Поэт был похоронен на Смоленском православном кладбище Петрограда. Там же похоронены семьи Бекетовых и Качаловых, включая бабушку поэта Ариадну Александровну, с которой он находился в переписке. Отпевание было совершено протоиереем Алексеем Западаловым 10 августа (28 июля ст. ст. − день празднования Смоленской иконе Богоматери) в церкви Воскресения Христова. В 1944 году прах Блока был перезахоронен на Литераторских мостках на Волковском кладбище[13][14].
Поначалу и Февральскую, и Октябрьскую революцию Блок воспринял с готовностью, полной поддержкой и даже с восторгом, которого, впрочем, хватило чуть более чем на один короткий и тяжёлый 1918 год. Как отмечал Ю. П. Анненков,
В 1917—18 годах Блок, несомненно, был захвачен стихийной стороной революции. «Мировой пожар» казался ему целью, а не этапом. Мировой пожар не был для Блока даже символом разрушения: это был «мировой оркестр народной души». Уличные самосуды представлялись ему более оправданными, чем судебное разбирательство — ( Ю. П. Анненков, «Воспоминания о Блоке»). |
Эта позиция Блока вызвала резкие оценки ряда других деятелей литературы — в частности, И. А. Бунина:
Блок открыто присоединился к большевикам. Напечатал статью, которой восхищается Коган (П. С.). <…> Песенка-то вообще нехитрая, а Блок человек глупый. Русская литература развращена за последние десятилетия необыкновенно. Улица, толпа начала играть очень большую роль. Всё — и литература особенно — выходит на улицу, связывается с нею и подпадает под её влияние. <…> «В Жмеринке идёт еврейский погром, как и был погром в Знаменке…» Это называется, по Блокам, «народ объят музыкой революции — слушайте, слушайте музыку революции!» — (И. А. Бунин, «Окаянные дни»). |
Октябрьскую революцию Блок пытался осмыслить не только в публицистике, но и, что особенно показательно, в своей не похожей на всё предыдущее творчество поэме «Двенадцать» (1918).

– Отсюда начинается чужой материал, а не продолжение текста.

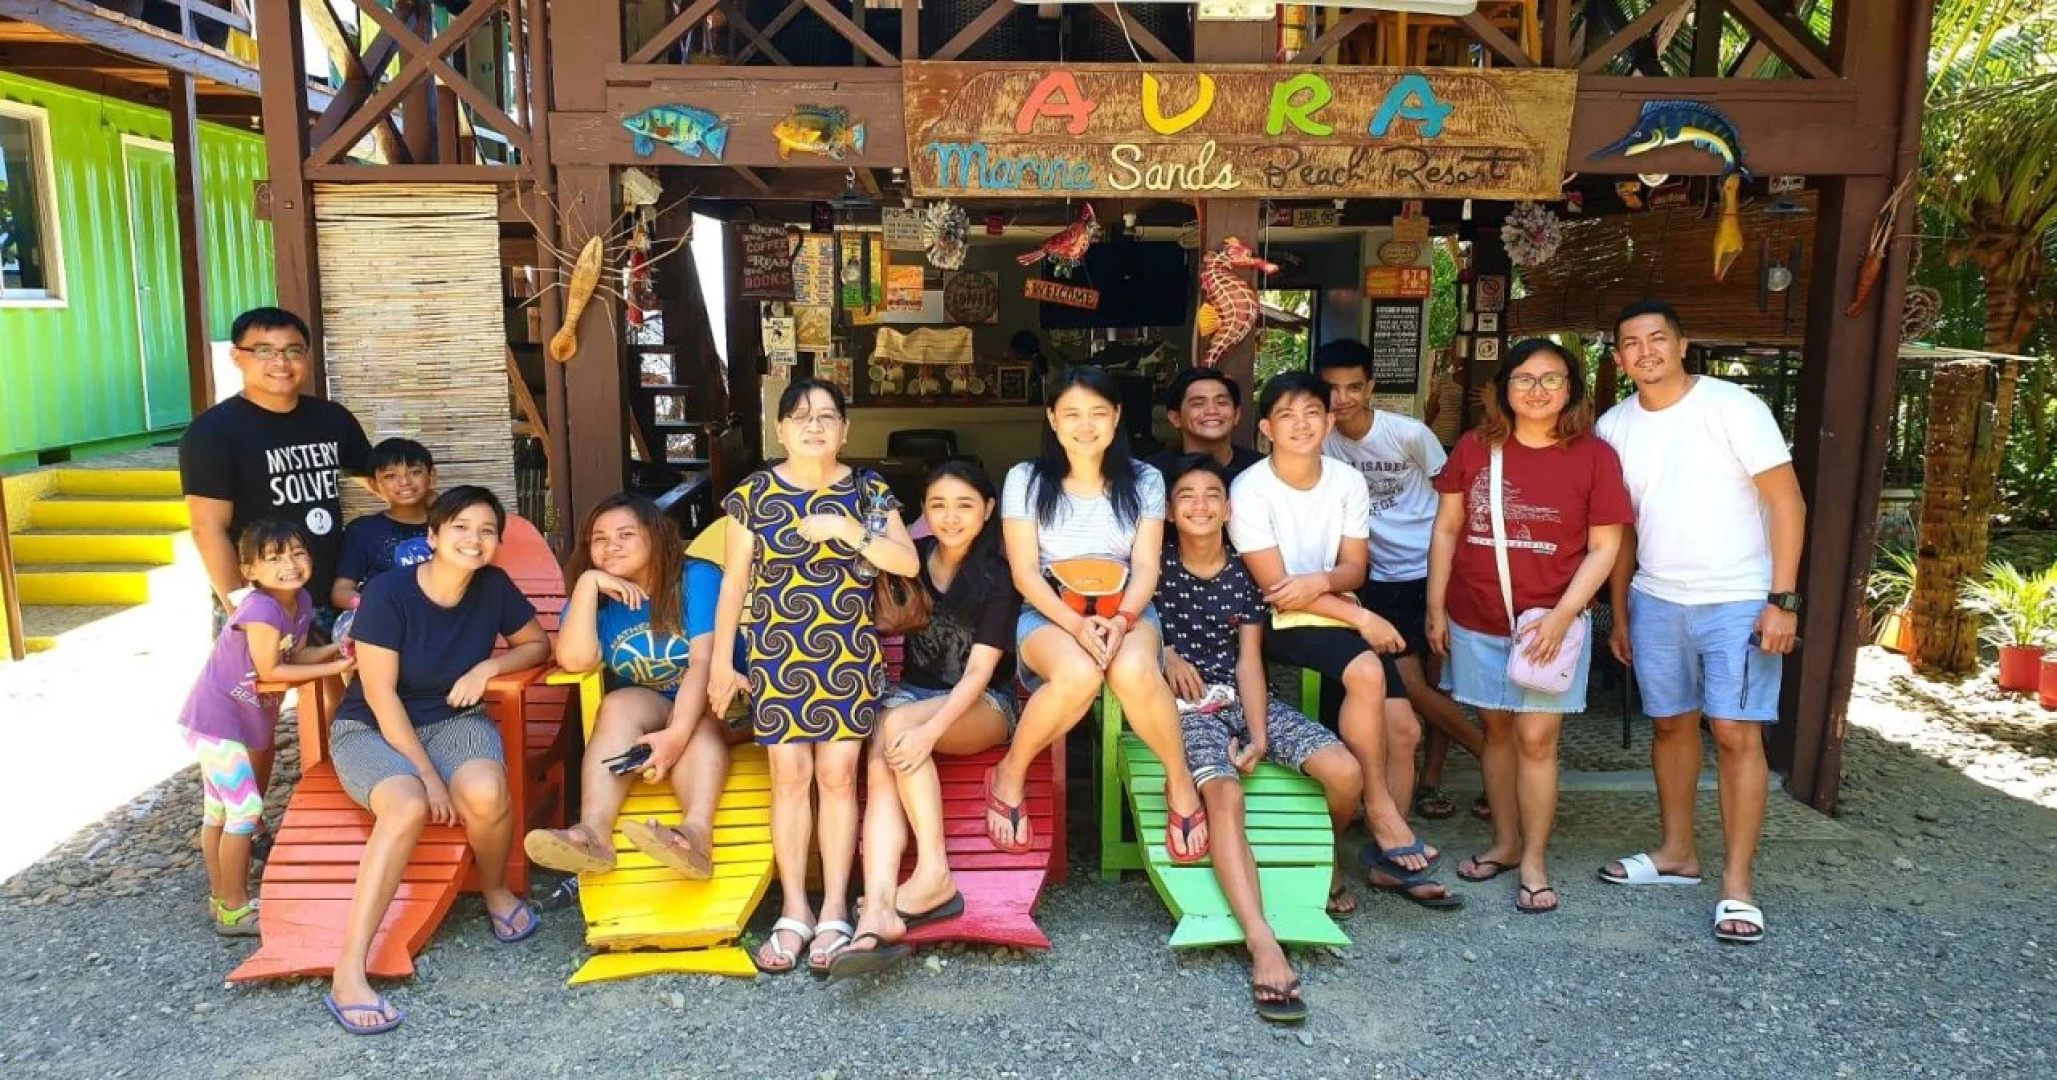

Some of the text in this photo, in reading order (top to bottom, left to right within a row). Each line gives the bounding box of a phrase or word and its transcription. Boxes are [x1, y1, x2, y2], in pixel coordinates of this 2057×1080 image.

[1015, 71, 1454, 137] AURA
[927, 140, 1520, 191] Marina Sands Beach Resort
[746, 238, 788, 253] COFFEE
[745, 271, 790, 289] BOOKS
[1032, 281, 1095, 307] WELCOME
[265, 441, 339, 474] MYSTERY
[1360, 460, 1410, 472] ISABEL
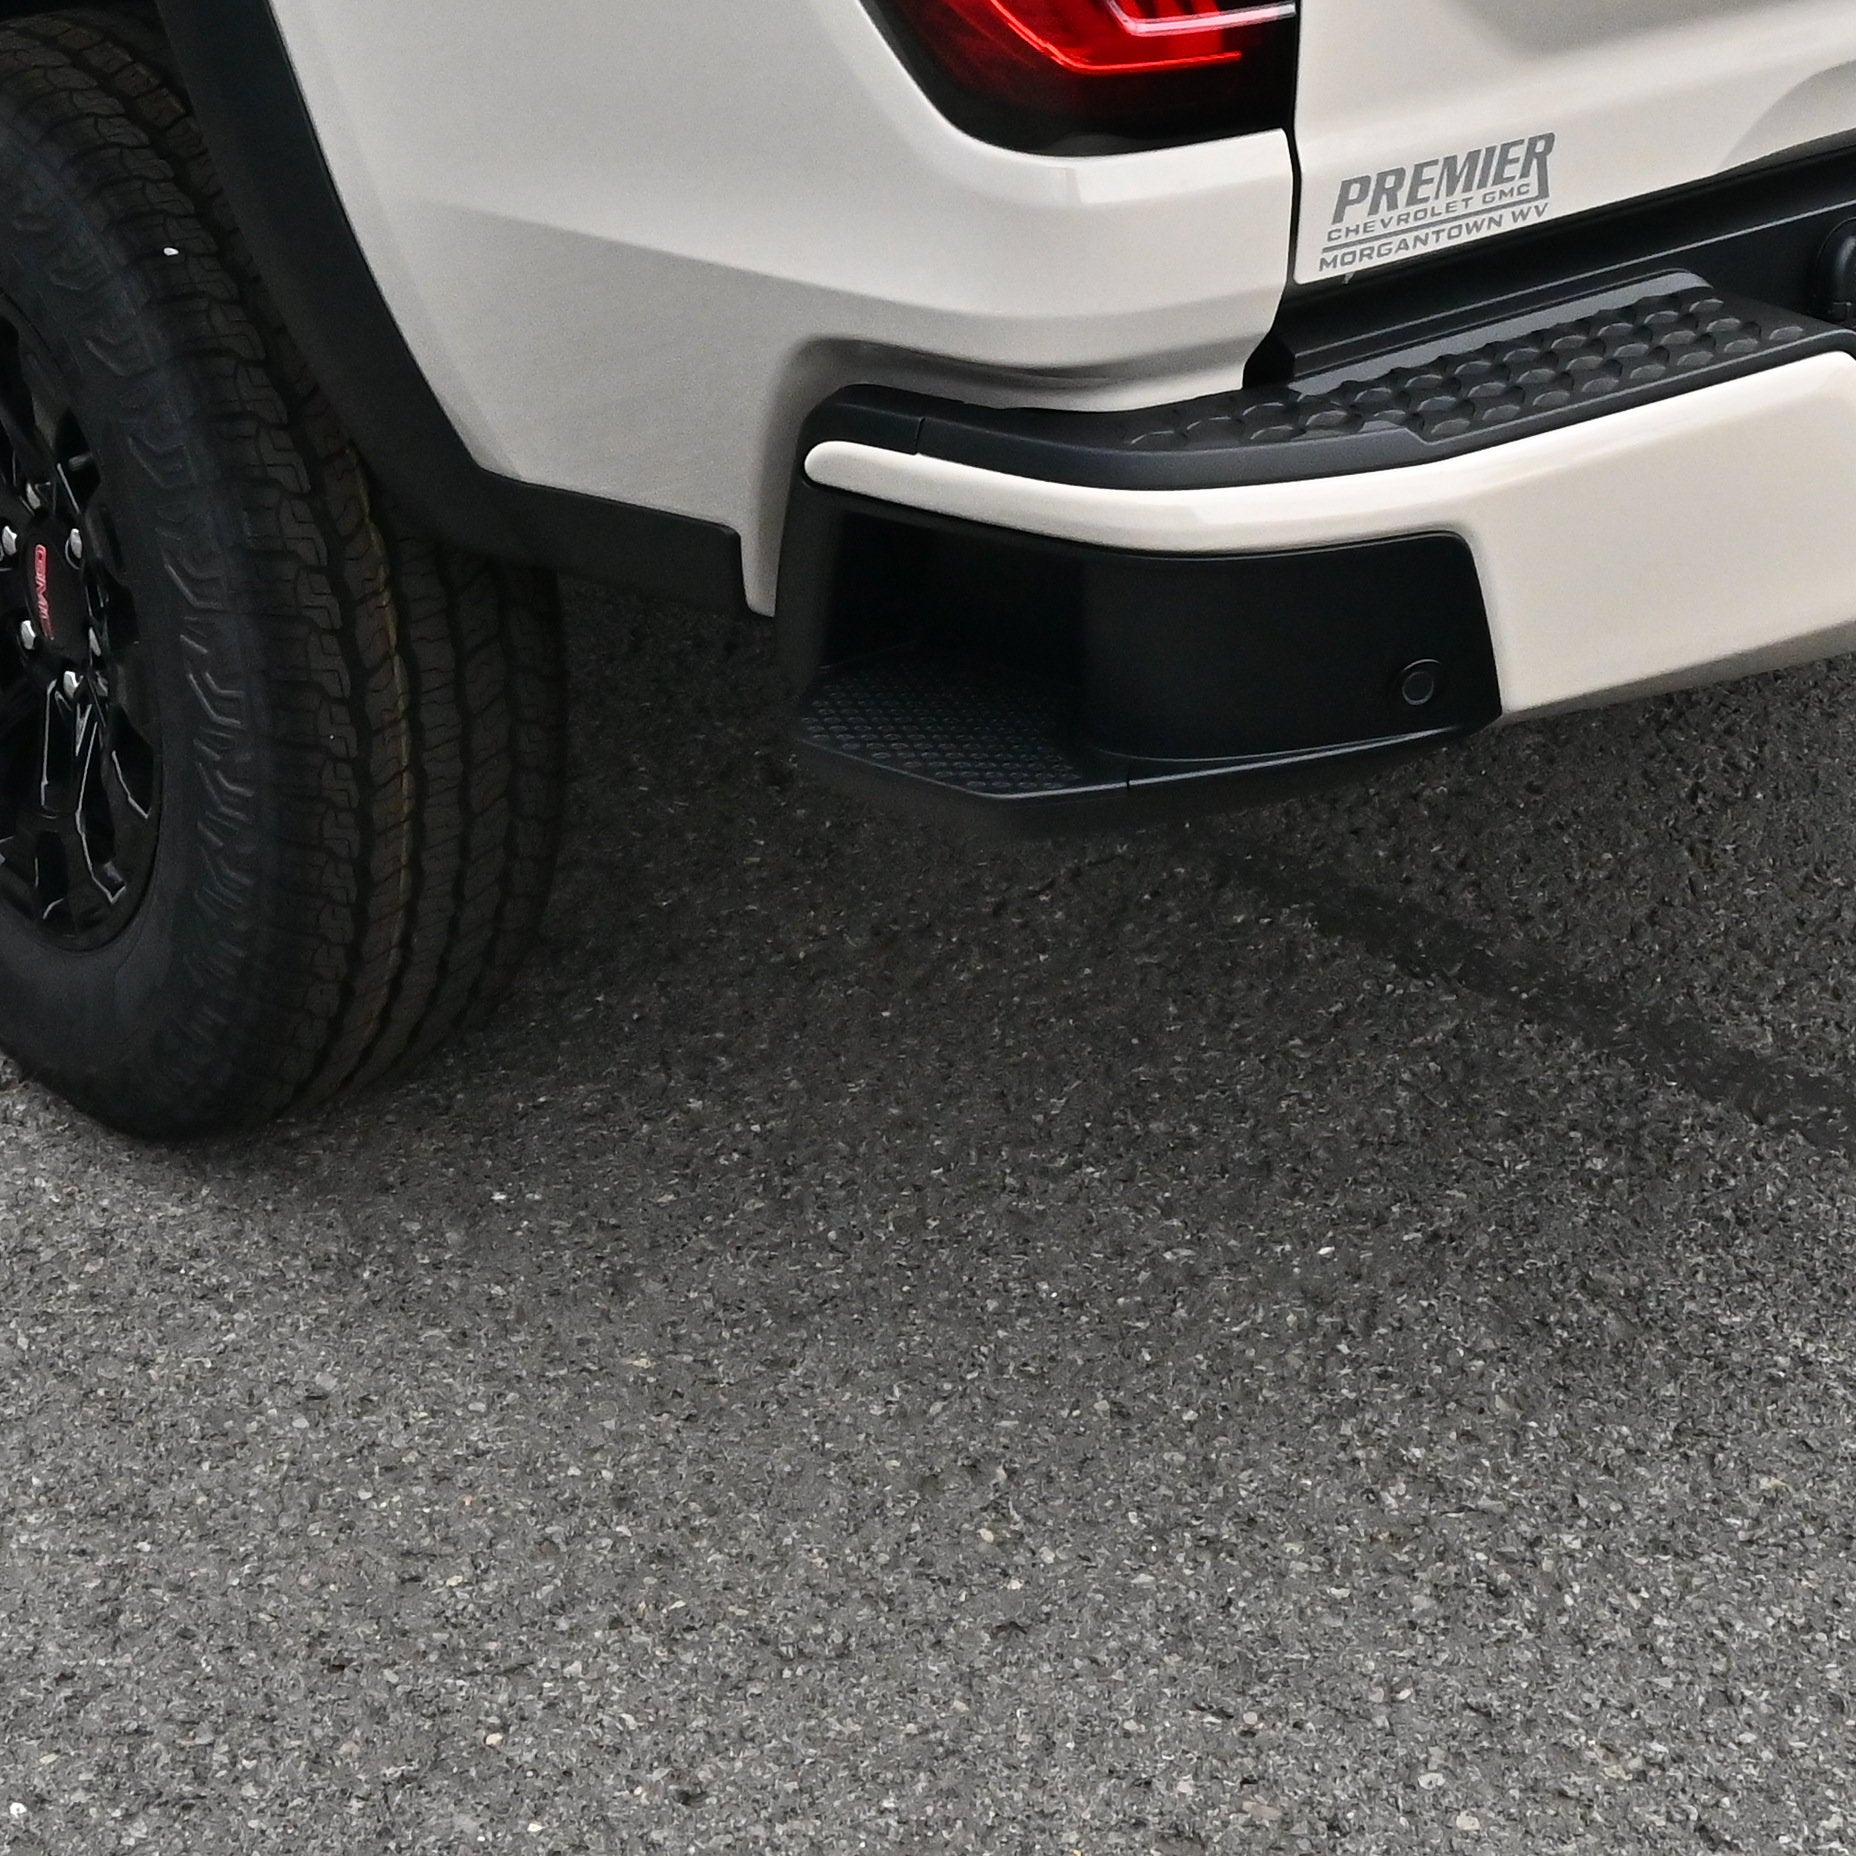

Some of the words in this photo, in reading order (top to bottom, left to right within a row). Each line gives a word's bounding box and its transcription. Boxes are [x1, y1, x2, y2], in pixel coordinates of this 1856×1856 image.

[1327, 196, 1474, 243] CHEVROLET
[1482, 183, 1531, 205] GMC
[1331, 132, 1556, 225] PREMIER
[1319, 214, 1502, 272] MORGANTOWN
[1511, 202, 1550, 224] WV

Это яркое и в целом недопонятое произведение стоит совершенно особняком в русской литературе Серебряного века и вызывало споры (как слева, так и справа) в течение всего XX века. Как это ни странно, но ключ к реальному пониманию поэмы можно найти в творчестве популярного в дореволюционном Петрограде, а ныне почти забытого шансонье и поэта М. Н. Савоярова, в приятельских отношениях с которым Блок состоял в 1915—1920 годах и концерты которого посещал десятки раз.

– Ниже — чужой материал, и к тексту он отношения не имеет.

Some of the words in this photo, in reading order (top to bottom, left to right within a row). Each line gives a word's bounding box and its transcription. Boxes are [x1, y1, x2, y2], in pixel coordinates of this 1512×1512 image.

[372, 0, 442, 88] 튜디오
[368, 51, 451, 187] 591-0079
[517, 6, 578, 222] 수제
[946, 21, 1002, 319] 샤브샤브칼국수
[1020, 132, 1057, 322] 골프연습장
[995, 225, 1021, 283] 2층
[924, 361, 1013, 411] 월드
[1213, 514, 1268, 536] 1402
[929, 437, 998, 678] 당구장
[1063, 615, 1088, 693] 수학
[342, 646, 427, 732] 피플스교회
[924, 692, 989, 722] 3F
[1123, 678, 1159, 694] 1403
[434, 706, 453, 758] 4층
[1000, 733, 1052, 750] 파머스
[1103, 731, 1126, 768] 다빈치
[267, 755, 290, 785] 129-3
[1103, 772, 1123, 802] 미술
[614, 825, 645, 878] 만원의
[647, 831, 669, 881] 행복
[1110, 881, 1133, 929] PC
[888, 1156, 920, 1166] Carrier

Если судить по поэтическому языку поэмы «Двенадцать», Блок по меньшей мере сильно изменился, его послереволюционный стиль стал почти неузнаваемым. И, по всей видимости, он испытал на себе влияние певца, поэта и эксцентрика, Михаила Савоярова. По словам академика Виктора Шкловского, поэму «Двенадцать» все дружно осудили и мало кто понял именно потому, что Блока слишком привыкли принимать всерьёз и только всерьёз:
«Двенадцать» — ироническая вещь. Она написана даже не частушечным стилем, она сделана «блатным» стилем. Стилем уличного куплета вроде савояровских. |
Прямое подтверждение этому тезису мы находим в записных книжках Блока. В марте 1918 года, когда его жена, Любовь Дмитриевна готовилась читать вслух поэму «Двенадцать», на вечерах и концертах, Блок специально водил её на савояровские концерты, чтобы показать, каким образом и с какой интонацией следует читать эти стихи. В бытовой, эксцентричной, даже эпатирующей…, но совсем не «символистской» и привычно «блоковской» манере… Именно таким образом поэт мучительно пытался отстраниться от кошмара окружавшей его в последние три года петроградской (и российской) жизни…, то ли уголовной, то ли военной, то ли какого-то странного междувременья…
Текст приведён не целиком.